[Entries taken from a collection]
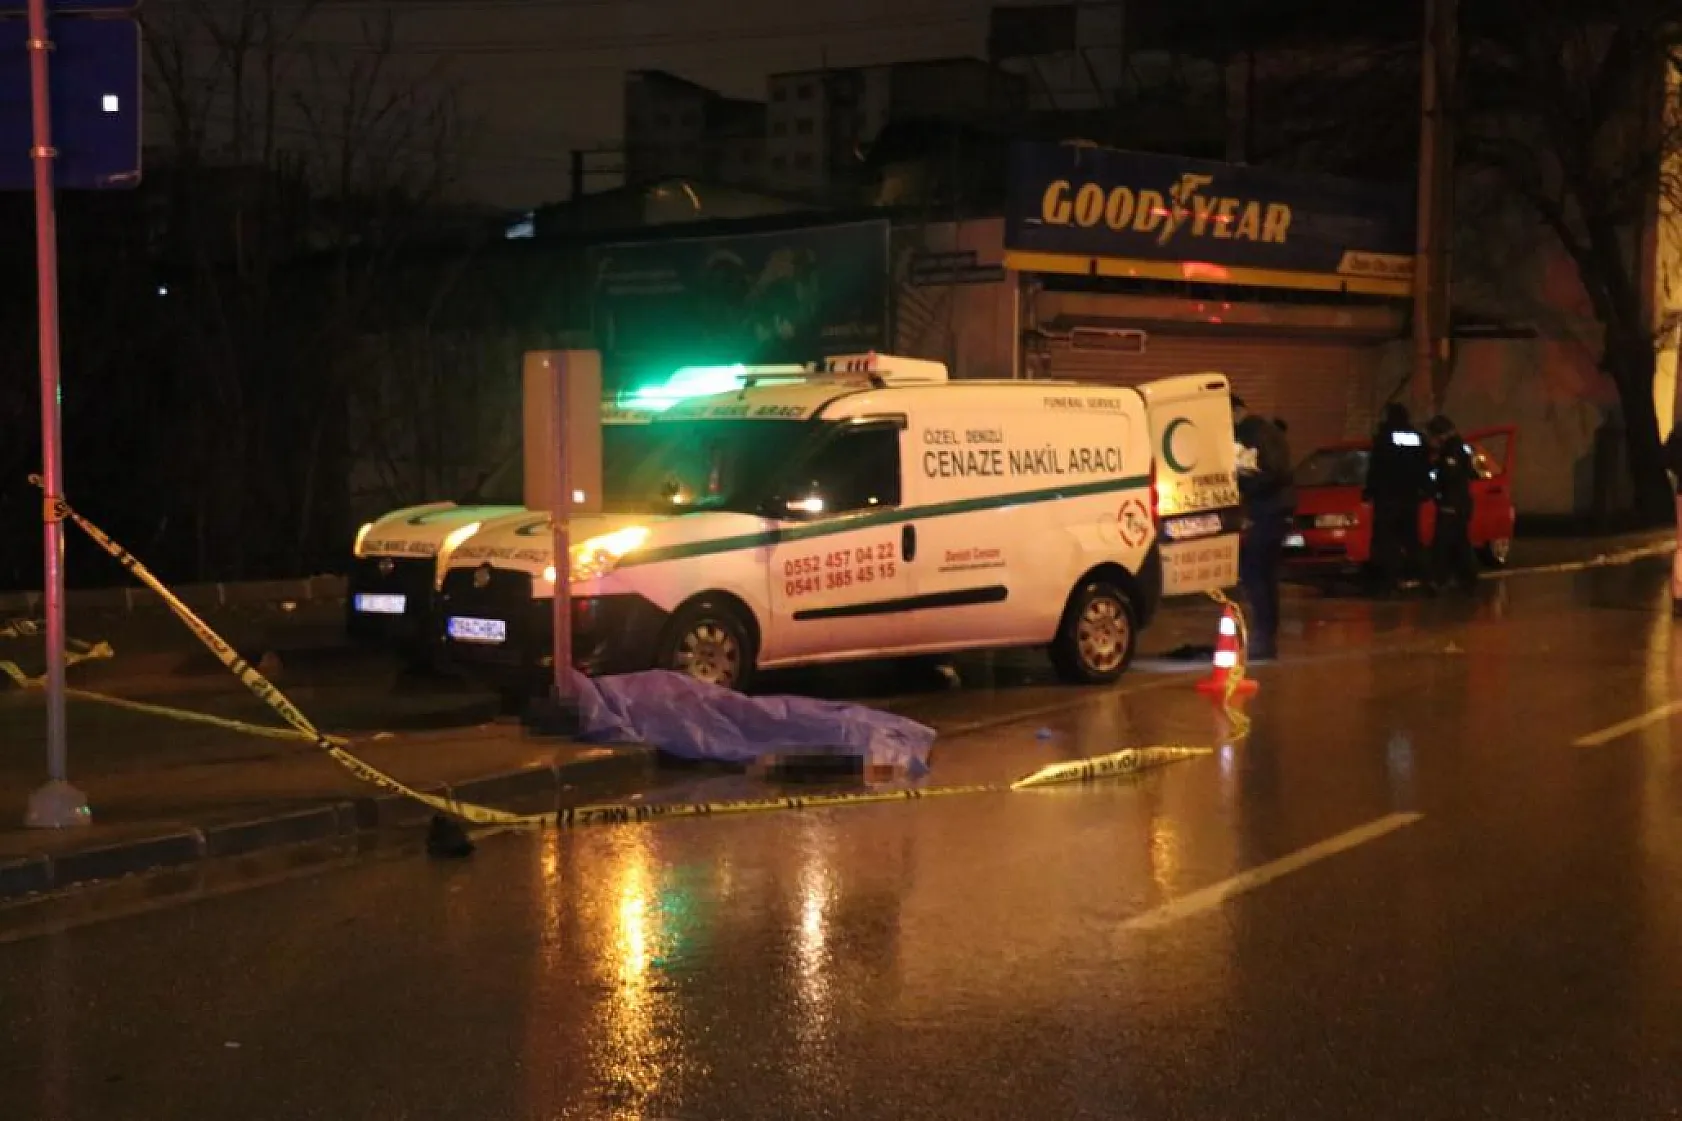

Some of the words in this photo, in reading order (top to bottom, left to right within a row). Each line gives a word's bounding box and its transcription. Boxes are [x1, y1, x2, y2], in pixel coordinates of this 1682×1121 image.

[1042, 174, 1292, 246] GOODYEAR
[923, 428, 960, 445] ÖZEL
[923, 449, 1004, 478] CENAZE
[1008, 442, 1065, 476] NAKİL
[1068, 447, 1123, 474] ARACI
[784, 555, 820, 578] 0552
[825, 549, 851, 569] 457
[855, 546, 874, 564] 04
[876, 542, 896, 560] 22
[785, 576, 820, 597] 0541
[856, 565, 874, 582] 45
[878, 561, 896, 578] 15
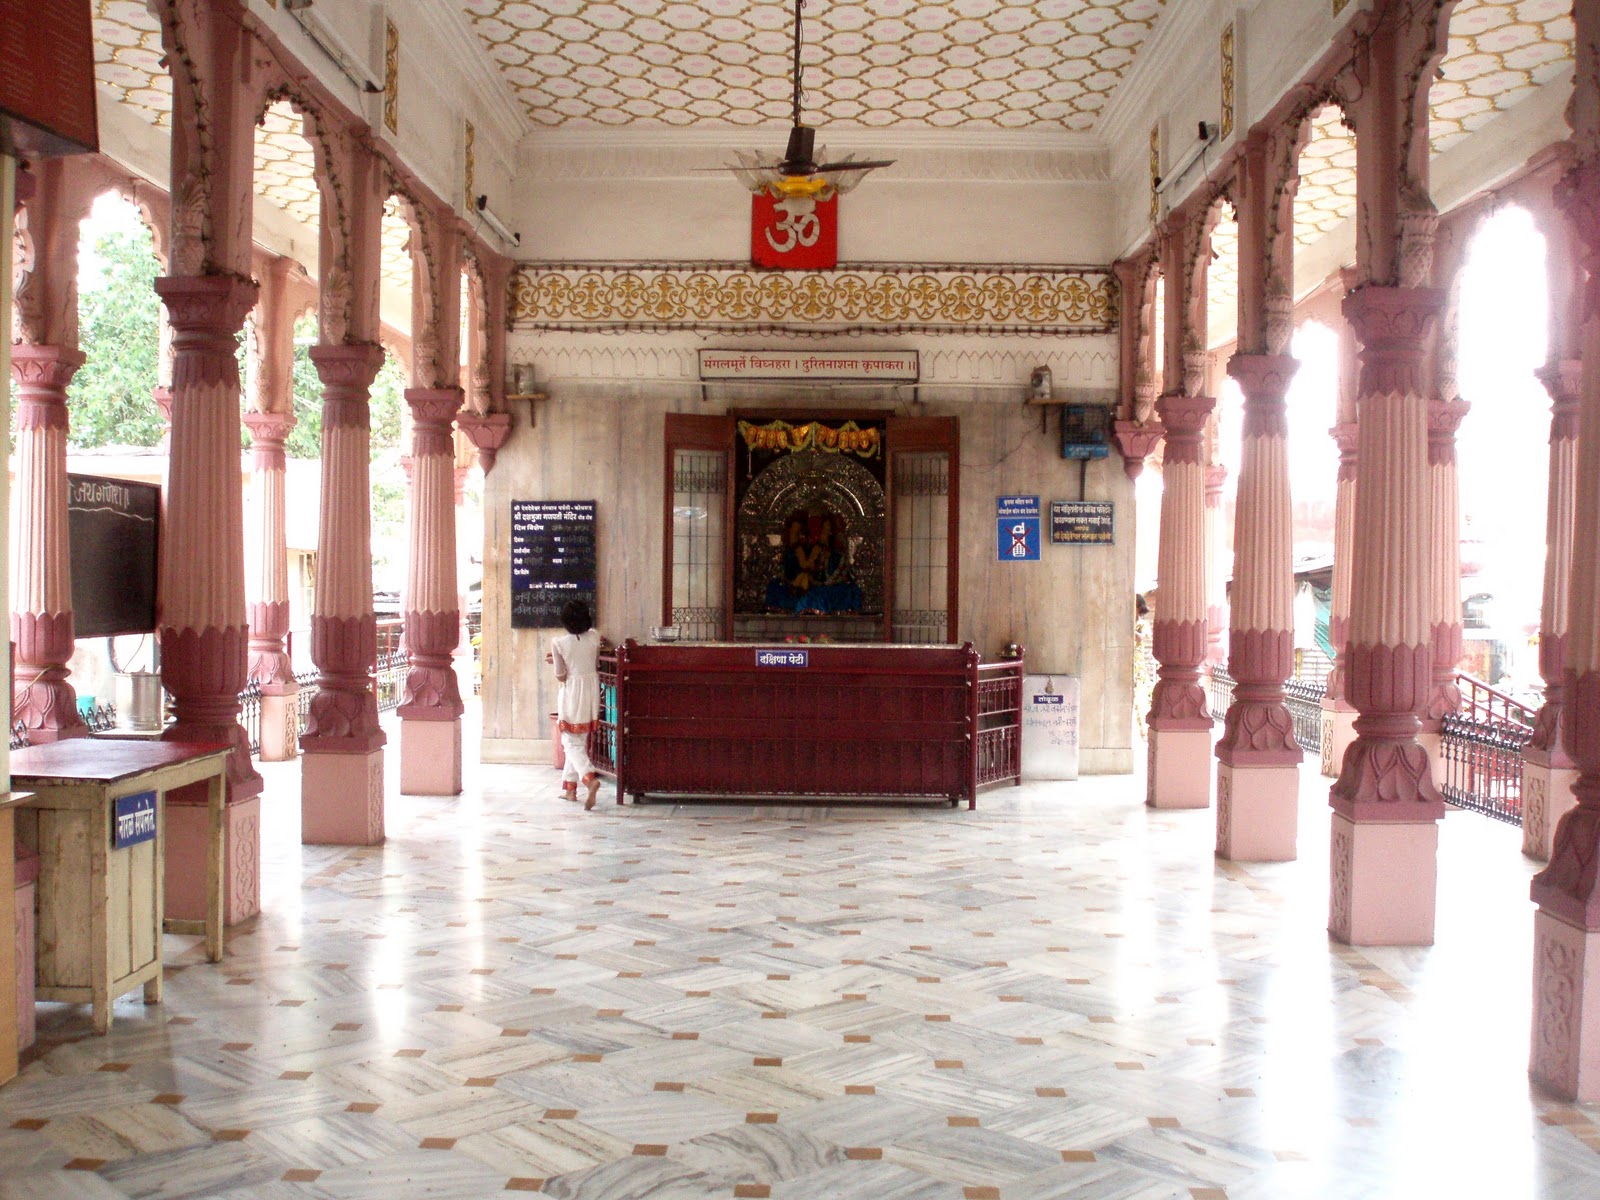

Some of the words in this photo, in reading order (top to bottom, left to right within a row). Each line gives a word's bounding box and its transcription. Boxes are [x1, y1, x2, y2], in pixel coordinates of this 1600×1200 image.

[704, 356, 746, 372] मंगलमूर्ते
[750, 356, 791, 370] विघ्नहरा
[802, 357, 858, 373] दुरितनाशना
[862, 360, 904, 373] कृपाकरा
[563, 511, 577, 520] मंदिर
[760, 653, 787, 665] दक्षिणा
[788, 653, 804, 665] पेटी
[118, 813, 134, 840] नारळ

(TASK TO COMPLETE)
Reproduce the data verbatim and omit each image.

(PROBLEM SOLUTION)
Some of the words in this photo, in reading order (top to bottom, left to right within a row). Each line gives a word's bounding box and its transcription. Boxes are [x1, y1, x2, y2], in pixel coordinates of this 1682×1121 image.

[1042, 174, 1292, 246] GOODYEAR
[923, 428, 960, 445] ÖZEL
[923, 449, 1004, 478] CENAZE
[1008, 442, 1065, 476] NAKİL
[1068, 447, 1123, 474] ARACI
[784, 555, 820, 578] 0552
[825, 549, 851, 569] 457
[855, 546, 874, 564] 04
[876, 542, 896, 560] 22
[785, 576, 820, 597] 0541
[856, 565, 874, 582] 45
[878, 561, 896, 578] 15

Some of the words in this photo, in reading order (top to bottom, left to right within a row). Each line gives a word's bounding box and its transcription. Boxes are [x1, y1, x2, y2], in pixel coordinates of this 1600×1200 image.

[704, 356, 746, 372] मंगलमूर्ते
[750, 356, 791, 370] विघ्नहरा
[802, 357, 858, 373] दुरितनाशना
[862, 360, 904, 373] कृपाकरा
[563, 511, 577, 520] मंदिर
[760, 653, 787, 665] दक्षिणा
[788, 653, 804, 665] पेटी
[118, 813, 134, 840] नारळ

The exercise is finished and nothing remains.